(Entries taken from a collection)
-.-.-
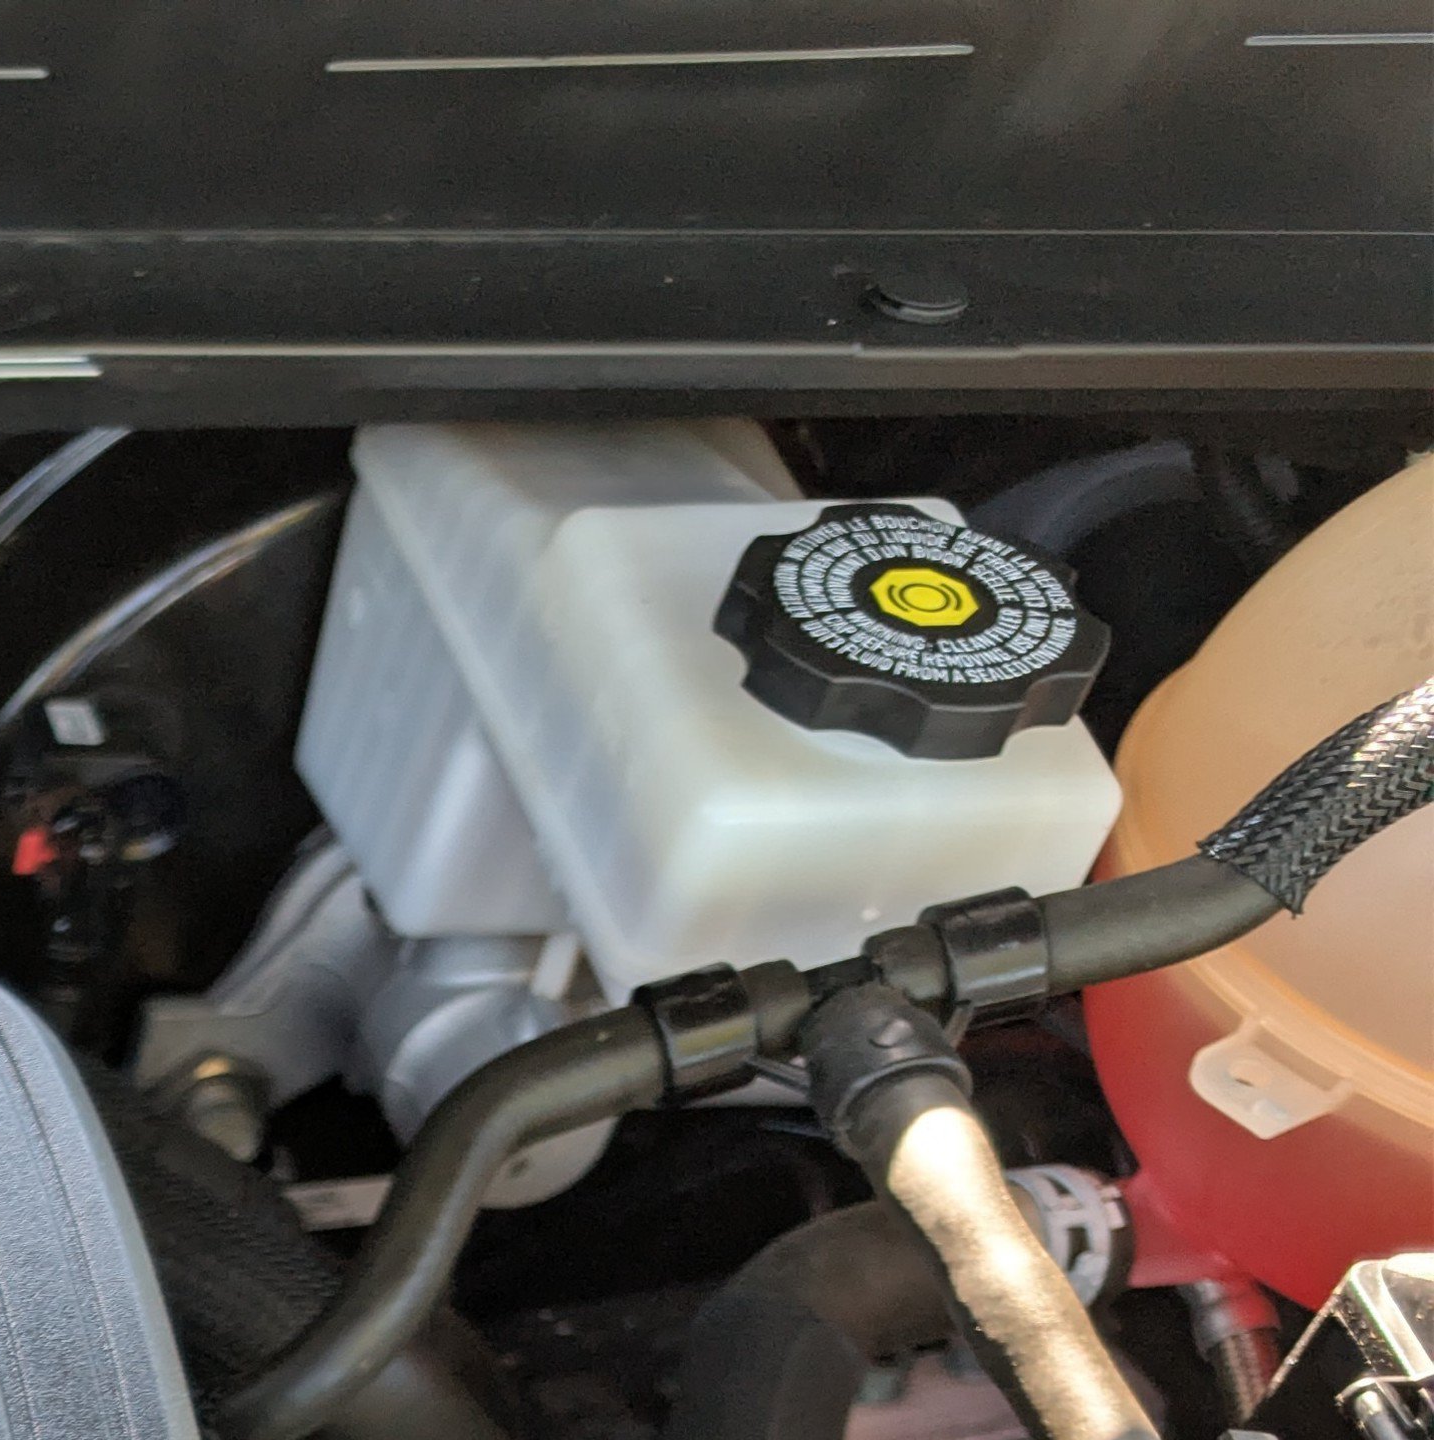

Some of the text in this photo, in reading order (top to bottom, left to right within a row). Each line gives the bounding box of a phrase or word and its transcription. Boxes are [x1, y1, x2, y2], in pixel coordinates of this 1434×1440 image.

[841, 516, 871, 532] LE
[867, 515, 957, 537] BOUCHON
[956, 527, 1016, 557] AVANT
[1006, 553, 1041, 571] LA
[847, 530, 881, 547] DU
[877, 529, 949, 549] LIQUIDE
[949, 539, 979, 558] DE
[973, 550, 1027, 581] FREIN
[818, 612, 860, 637] CAP
[936, 634, 999, 653] CLEAN
[983, 606, 1022, 643] FILLER
[1020, 609, 1050, 639] ONLY
[834, 641, 894, 671] FLUID
[892, 661, 951, 683] FROM
[948, 670, 968, 683] A
[963, 660, 1037, 683] SEALED
[845, 630, 919, 664] BEFORE
[1004, 632, 1043, 656] USE
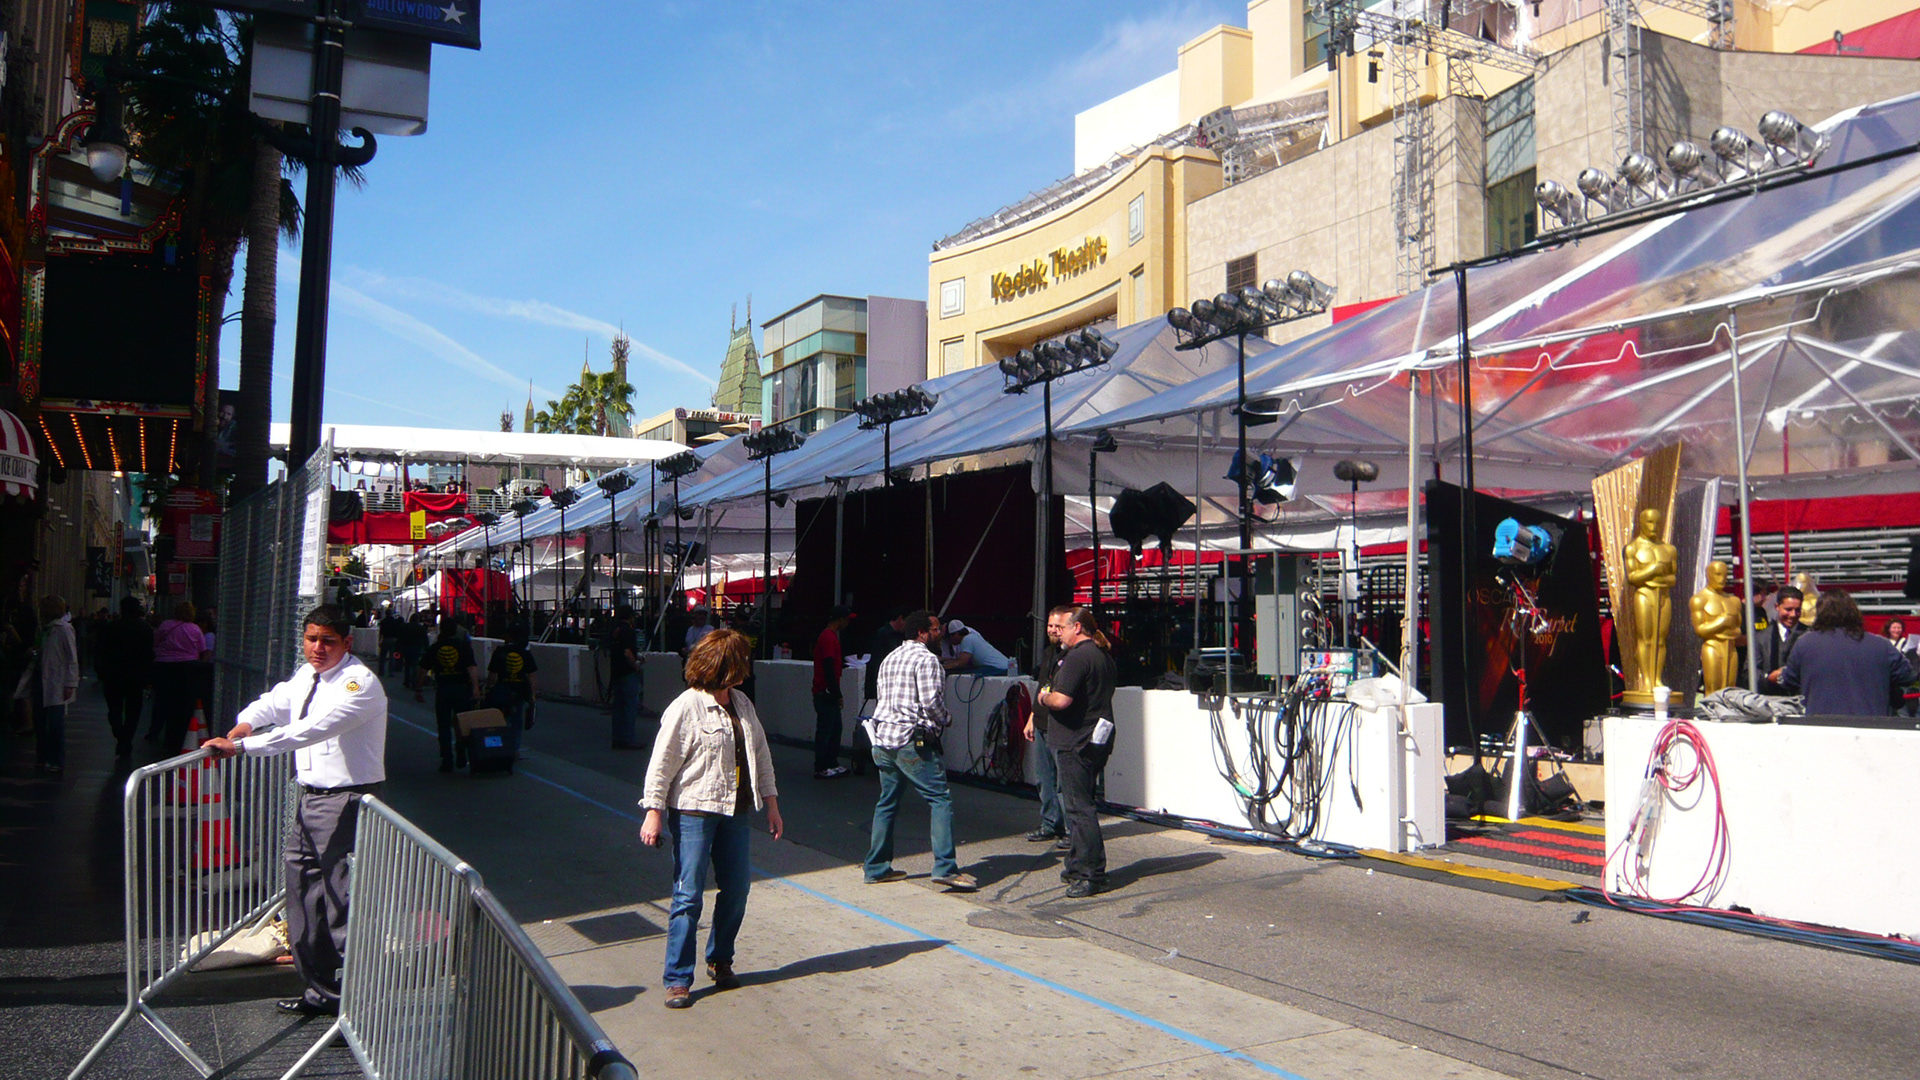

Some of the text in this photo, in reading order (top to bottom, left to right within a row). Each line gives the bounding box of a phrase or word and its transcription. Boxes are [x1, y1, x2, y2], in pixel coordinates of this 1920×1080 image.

[366, 0, 441, 21] HOLLYWOOD
[990, 234, 1108, 299] Kodak Theatre
[1, 456, 11, 475] ICE
[1533, 633, 1554, 645] 2010
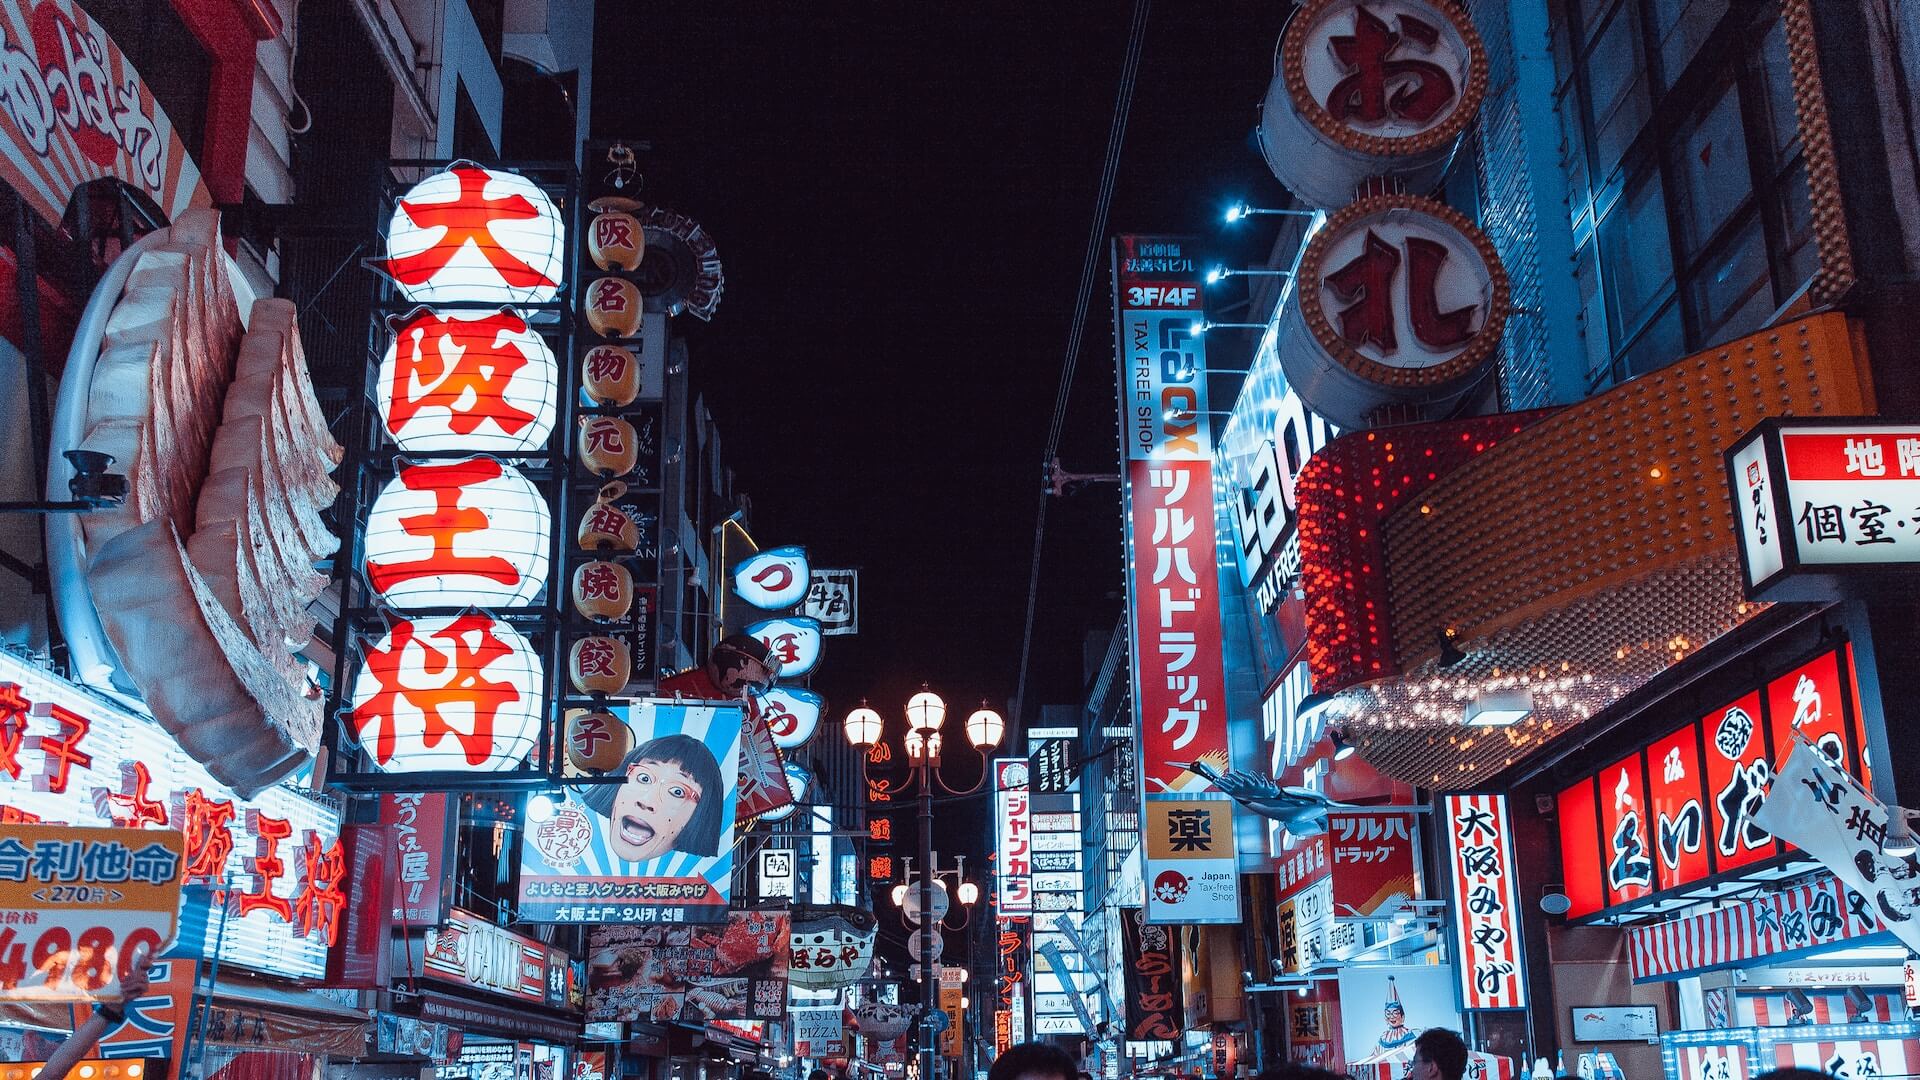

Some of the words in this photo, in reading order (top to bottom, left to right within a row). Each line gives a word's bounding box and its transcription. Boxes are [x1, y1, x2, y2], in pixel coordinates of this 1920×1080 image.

[1128, 287, 1197, 306] 3F/4F
[1133, 319, 1149, 352] TAX
[1135, 356, 1151, 401] FREE
[1137, 407, 1153, 454] SHOP
[340, 164, 559, 766] 大阪王将
[1149, 469, 1208, 751] ツルハドラッグ
[1256, 583, 1278, 617] TAX
[1168, 809, 1212, 852] 薬
[1332, 817, 1409, 841] ツルハ
[1008, 795, 1030, 902] ジャンカラ
[1334, 846, 1395, 864] ドラッグ
[526, 882, 707, 898] よしもと芸人グッズ・大阪みやげ
[1198, 883, 1234, 892] Tax-free
[1201, 872, 1233, 882] Japan.
[1211, 892, 1234, 902] Shop
[1301, 893, 1319, 920] くすり
[1457, 807, 1513, 995] 大阪みやげ
[1134, 952, 1181, 1040] らーめん
[799, 1027, 840, 1038] PIZZA
[1044, 1020, 1073, 1029] ZAZA
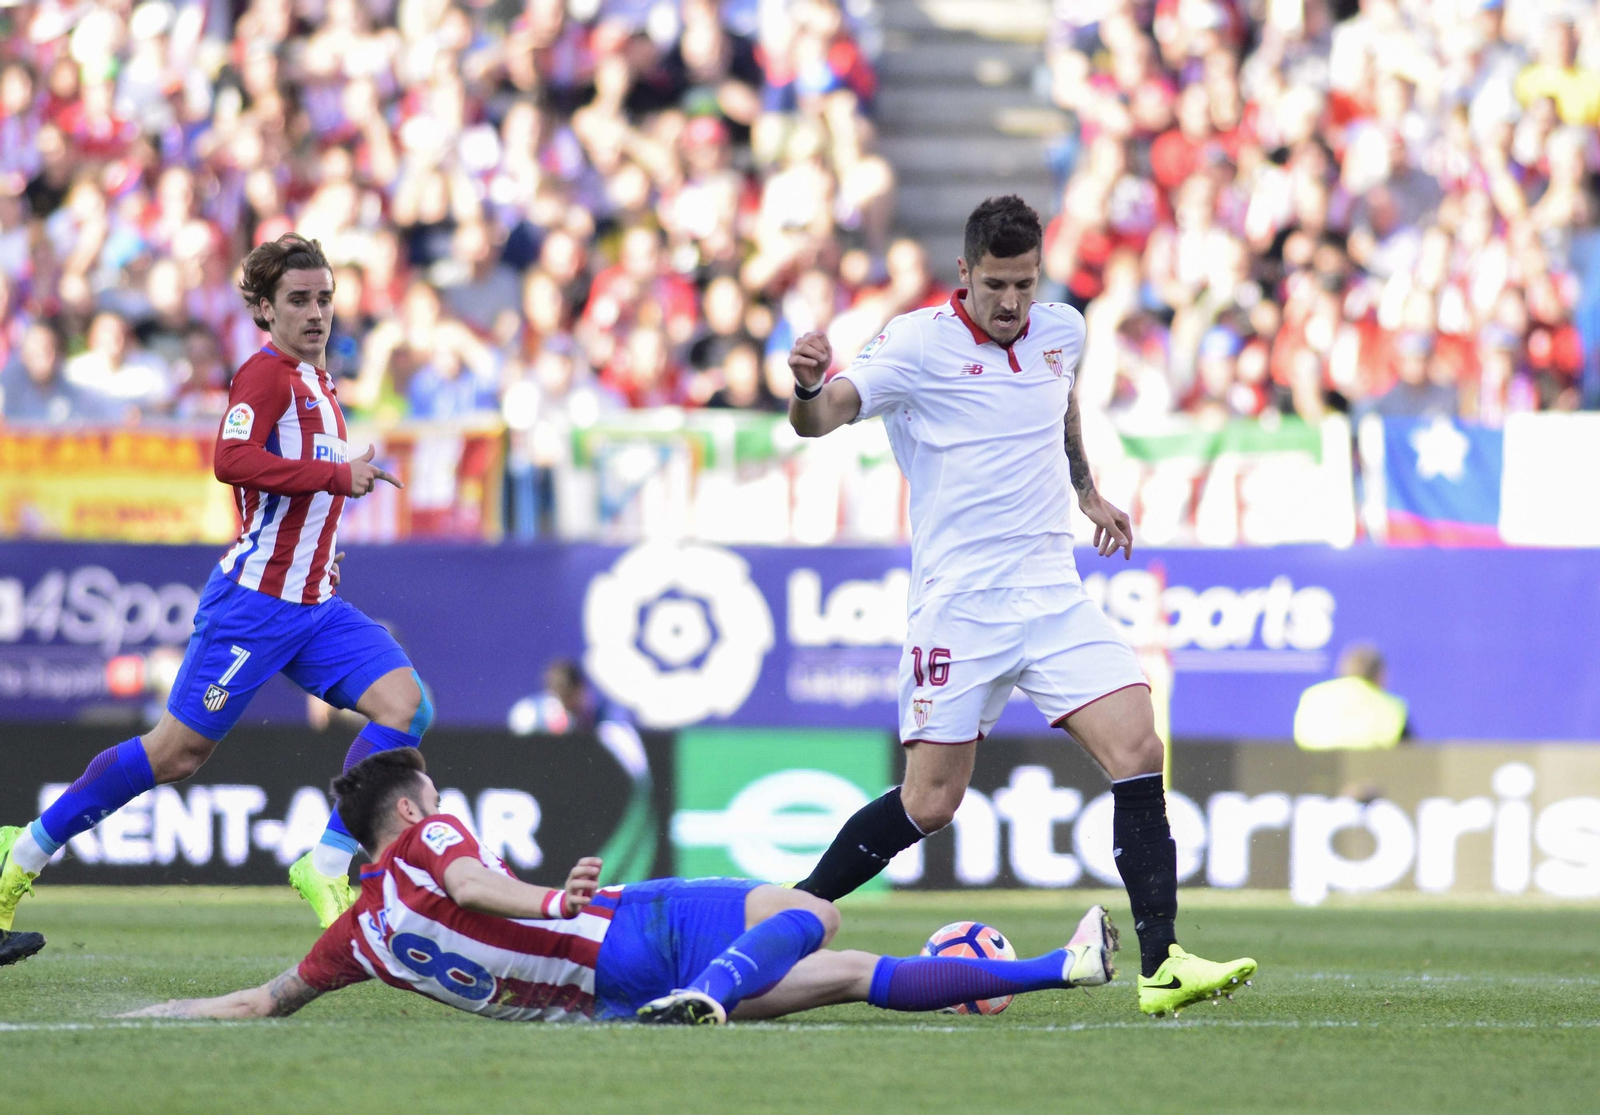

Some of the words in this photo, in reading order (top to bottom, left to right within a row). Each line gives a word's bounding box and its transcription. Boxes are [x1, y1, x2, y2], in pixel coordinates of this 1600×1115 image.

[225, 427, 248, 435] LaLiga
[218, 644, 252, 687] 7
[911, 646, 951, 687] 16
[389, 931, 497, 1002] 8
-.-.-
● Problem statement: Verbatim repeat, images removed: give each entry again exactly as it reads.

● Task response:
Some of the text in this photo, in reading order (top to bottom, left to right within a row). Each line gives the bounding box of a phrase or word and its transcription. Boxes are [x1, y1, x2, y2], in pixel coordinates of this 1434×1440 image.

[841, 516, 871, 532] LE
[867, 515, 957, 537] BOUCHON
[956, 527, 1016, 557] AVANT
[1006, 553, 1041, 571] LA
[847, 530, 881, 547] DU
[877, 529, 949, 549] LIQUIDE
[949, 539, 979, 558] DE
[973, 550, 1027, 581] FREIN
[818, 612, 860, 637] CAP
[936, 634, 999, 653] CLEAN
[983, 606, 1022, 643] FILLER
[1020, 609, 1050, 639] ONLY
[834, 641, 894, 671] FLUID
[892, 661, 951, 683] FROM
[948, 670, 968, 683] A
[963, 660, 1037, 683] SEALED
[845, 630, 919, 664] BEFORE
[1004, 632, 1043, 656] USE

Some of the text in this photo, in reading order (top to bottom, left to right within a row). Each line gives the bounding box of a phrase or word and its transcription. Boxes are [x1, y1, x2, y2], in pixel coordinates of this 1920×1080 image.

[366, 0, 441, 21] HOLLYWOOD
[990, 234, 1108, 299] Kodak Theatre
[1, 456, 11, 475] ICE
[1533, 633, 1554, 645] 2010

Some of the words in this photo, in reading order (top to bottom, left to right within a row). Each line gives a word's bounding box and its transcription. Boxes are [x1, y1, x2, y2], in pixel coordinates of this 1920×1080 image.

[1128, 287, 1197, 306] 3F/4F
[1133, 319, 1149, 352] TAX
[1135, 356, 1151, 401] FREE
[1137, 407, 1153, 454] SHOP
[340, 164, 559, 766] 大阪王将
[1149, 469, 1208, 751] ツルハドラッグ
[1256, 583, 1278, 617] TAX
[1168, 809, 1212, 852] 薬
[1332, 817, 1409, 841] ツルハ
[1008, 795, 1030, 902] ジャンカラ
[1334, 846, 1395, 864] ドラッグ
[526, 882, 707, 898] よしもと芸人グッズ・大阪みやげ
[1198, 883, 1234, 892] Tax-free
[1201, 872, 1233, 882] Japan.
[1211, 892, 1234, 902] Shop
[1301, 893, 1319, 920] くすり
[1457, 807, 1513, 995] 大阪みやげ
[1134, 952, 1181, 1040] らーめん
[799, 1027, 840, 1038] PIZZA
[1044, 1020, 1073, 1029] ZAZA

Some of the words in this photo, in reading order (top to bottom, left to right within a row). Each line gives a word's bounding box and its transcription. Boxes are [x1, y1, x2, y2], in pixel coordinates of this 1600×1115 image.

[225, 427, 248, 435] LaLiga
[218, 644, 252, 687] 7
[911, 646, 951, 687] 16
[389, 931, 497, 1002] 8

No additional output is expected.